▶ **Aim of the exercise**
Make an exact copy of the records below. Include every line.

=== Section Start ===

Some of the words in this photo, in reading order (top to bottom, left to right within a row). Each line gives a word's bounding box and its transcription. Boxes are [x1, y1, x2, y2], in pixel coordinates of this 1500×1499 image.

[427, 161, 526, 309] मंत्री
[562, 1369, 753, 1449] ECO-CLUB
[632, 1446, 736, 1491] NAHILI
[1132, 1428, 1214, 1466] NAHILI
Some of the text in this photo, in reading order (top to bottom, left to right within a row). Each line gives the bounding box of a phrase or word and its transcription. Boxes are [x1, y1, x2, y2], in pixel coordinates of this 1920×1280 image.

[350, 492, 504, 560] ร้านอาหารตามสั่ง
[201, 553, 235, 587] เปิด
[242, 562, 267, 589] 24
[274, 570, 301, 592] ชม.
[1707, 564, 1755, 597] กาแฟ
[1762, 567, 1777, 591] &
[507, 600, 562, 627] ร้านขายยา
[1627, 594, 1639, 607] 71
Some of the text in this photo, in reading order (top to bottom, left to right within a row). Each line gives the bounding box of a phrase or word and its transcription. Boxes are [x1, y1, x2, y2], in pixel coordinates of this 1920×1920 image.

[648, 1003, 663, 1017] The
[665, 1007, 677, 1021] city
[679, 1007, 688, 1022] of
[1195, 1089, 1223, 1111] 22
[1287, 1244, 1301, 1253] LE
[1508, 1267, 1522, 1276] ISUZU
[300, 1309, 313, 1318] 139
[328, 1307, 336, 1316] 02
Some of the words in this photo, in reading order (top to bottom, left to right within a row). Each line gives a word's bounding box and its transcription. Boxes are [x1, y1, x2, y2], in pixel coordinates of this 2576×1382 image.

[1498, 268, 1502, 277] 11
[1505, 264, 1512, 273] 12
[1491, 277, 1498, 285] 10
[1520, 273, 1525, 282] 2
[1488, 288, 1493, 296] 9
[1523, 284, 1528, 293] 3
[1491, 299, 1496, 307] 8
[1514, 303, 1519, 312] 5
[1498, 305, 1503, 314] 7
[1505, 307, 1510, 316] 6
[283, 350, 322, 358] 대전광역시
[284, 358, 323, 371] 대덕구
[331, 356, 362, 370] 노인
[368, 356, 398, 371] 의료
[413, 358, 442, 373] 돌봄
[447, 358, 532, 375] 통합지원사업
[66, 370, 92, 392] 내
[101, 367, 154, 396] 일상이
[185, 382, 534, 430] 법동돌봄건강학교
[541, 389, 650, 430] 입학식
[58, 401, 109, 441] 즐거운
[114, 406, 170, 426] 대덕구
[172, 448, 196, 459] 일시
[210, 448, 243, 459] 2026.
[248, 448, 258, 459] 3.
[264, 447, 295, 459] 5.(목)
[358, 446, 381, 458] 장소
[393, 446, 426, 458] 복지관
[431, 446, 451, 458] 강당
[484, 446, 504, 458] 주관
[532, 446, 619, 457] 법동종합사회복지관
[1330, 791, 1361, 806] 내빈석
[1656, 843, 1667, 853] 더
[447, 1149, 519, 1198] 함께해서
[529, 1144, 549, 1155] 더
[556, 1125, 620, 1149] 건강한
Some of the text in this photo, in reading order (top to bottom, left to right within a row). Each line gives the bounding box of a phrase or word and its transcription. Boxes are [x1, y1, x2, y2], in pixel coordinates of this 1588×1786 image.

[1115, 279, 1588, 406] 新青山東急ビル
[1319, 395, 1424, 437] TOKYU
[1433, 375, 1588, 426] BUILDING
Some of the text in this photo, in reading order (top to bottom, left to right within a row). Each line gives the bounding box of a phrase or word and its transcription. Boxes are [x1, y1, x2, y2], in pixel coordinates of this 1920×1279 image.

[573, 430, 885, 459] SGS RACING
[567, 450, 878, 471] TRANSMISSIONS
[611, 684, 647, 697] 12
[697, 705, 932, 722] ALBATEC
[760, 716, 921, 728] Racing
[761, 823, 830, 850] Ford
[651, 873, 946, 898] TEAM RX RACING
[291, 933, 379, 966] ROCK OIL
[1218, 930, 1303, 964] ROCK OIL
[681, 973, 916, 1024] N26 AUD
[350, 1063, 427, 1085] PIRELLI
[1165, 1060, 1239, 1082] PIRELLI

=== Section End ===

▶ **Task answer**
Some of the words in this photo, in reading order (top to bottom, left to right within a row). Each line gives a word's bounding box and its transcription. Boxes are [x1, y1, x2, y2], in pixel coordinates of this 1500×1499 image.

[427, 161, 526, 309] मंत्री
[562, 1369, 753, 1449] ECO-CLUB
[632, 1446, 736, 1491] NAHILI
[1132, 1428, 1214, 1466] NAHILI
Some of the text in this photo, in reading order (top to bottom, left to right within a row). Each line gives the bounding box of a phrase or word and its transcription. Boxes are [x1, y1, x2, y2], in pixel coordinates of this 1920×1280 image.

[350, 492, 504, 560] ร้านอาหารตามสั่ง
[201, 553, 235, 587] เปิด
[242, 562, 267, 589] 24
[274, 570, 301, 592] ชม.
[1707, 564, 1755, 597] กาแฟ
[1762, 567, 1777, 591] &
[507, 600, 562, 627] ร้านขายยา
[1627, 594, 1639, 607] 71
Some of the text in this photo, in reading order (top to bottom, left to right within a row). Each line gives the bounding box of a phrase or word and its transcription. Boxes are [x1, y1, x2, y2], in pixel coordinates of this 1920×1920 image.

[648, 1003, 663, 1017] The
[665, 1007, 677, 1021] city
[679, 1007, 688, 1022] of
[1195, 1089, 1223, 1111] 22
[1287, 1244, 1301, 1253] LE
[1508, 1267, 1522, 1276] ISUZU
[300, 1309, 313, 1318] 139
[328, 1307, 336, 1316] 02
Some of the words in this photo, in reading order (top to bottom, left to right within a row). Each line gives a word's bounding box and its transcription. Boxes are [x1, y1, x2, y2], in pixel coordinates of this 2576×1382 image.

[1498, 268, 1502, 277] 11
[1505, 264, 1512, 273] 12
[1491, 277, 1498, 285] 10
[1520, 273, 1525, 282] 2
[1488, 288, 1493, 296] 9
[1523, 284, 1528, 293] 3
[1491, 299, 1496, 307] 8
[1514, 303, 1519, 312] 5
[1498, 305, 1503, 314] 7
[1505, 307, 1510, 316] 6
[283, 350, 322, 358] 대전광역시
[284, 358, 323, 371] 대덕구
[331, 356, 362, 370] 노인
[368, 356, 398, 371] 의료
[413, 358, 442, 373] 돌봄
[447, 358, 532, 375] 통합지원사업
[66, 370, 92, 392] 내
[101, 367, 154, 396] 일상이
[185, 382, 534, 430] 법동돌봄건강학교
[541, 389, 650, 430] 입학식
[58, 401, 109, 441] 즐거운
[114, 406, 170, 426] 대덕구
[172, 448, 196, 459] 일시
[210, 448, 243, 459] 2026.
[248, 448, 258, 459] 3.
[264, 447, 295, 459] 5.(목)
[358, 446, 381, 458] 장소
[393, 446, 426, 458] 복지관
[431, 446, 451, 458] 강당
[484, 446, 504, 458] 주관
[532, 446, 619, 457] 법동종합사회복지관
[1330, 791, 1361, 806] 내빈석
[1656, 843, 1667, 853] 더
[447, 1149, 519, 1198] 함께해서
[529, 1144, 549, 1155] 더
[556, 1125, 620, 1149] 건강한
Some of the text in this photo, in reading order (top to bottom, left to right within a row). Each line gives the bounding box of a phrase or word and its transcription. Boxes are [x1, y1, x2, y2], in pixel coordinates of this 1588×1786 image.

[1115, 279, 1588, 406] 新青山東急ビル
[1319, 395, 1424, 437] TOKYU
[1433, 375, 1588, 426] BUILDING
Some of the text in this photo, in reading order (top to bottom, left to right within a row). Each line gives the bounding box of a phrase or word and its transcription. Boxes are [x1, y1, x2, y2], in pixel coordinates of this 1920×1279 image.

[573, 430, 885, 459] SGS RACING
[567, 450, 878, 471] TRANSMISSIONS
[611, 684, 647, 697] 12
[697, 705, 932, 722] ALBATEC
[760, 716, 921, 728] Racing
[761, 823, 830, 850] Ford
[651, 873, 946, 898] TEAM RX RACING
[291, 933, 379, 966] ROCK OIL
[1218, 930, 1303, 964] ROCK OIL
[681, 973, 916, 1024] N26 AUD
[350, 1063, 427, 1085] PIRELLI
[1165, 1060, 1239, 1082] PIRELLI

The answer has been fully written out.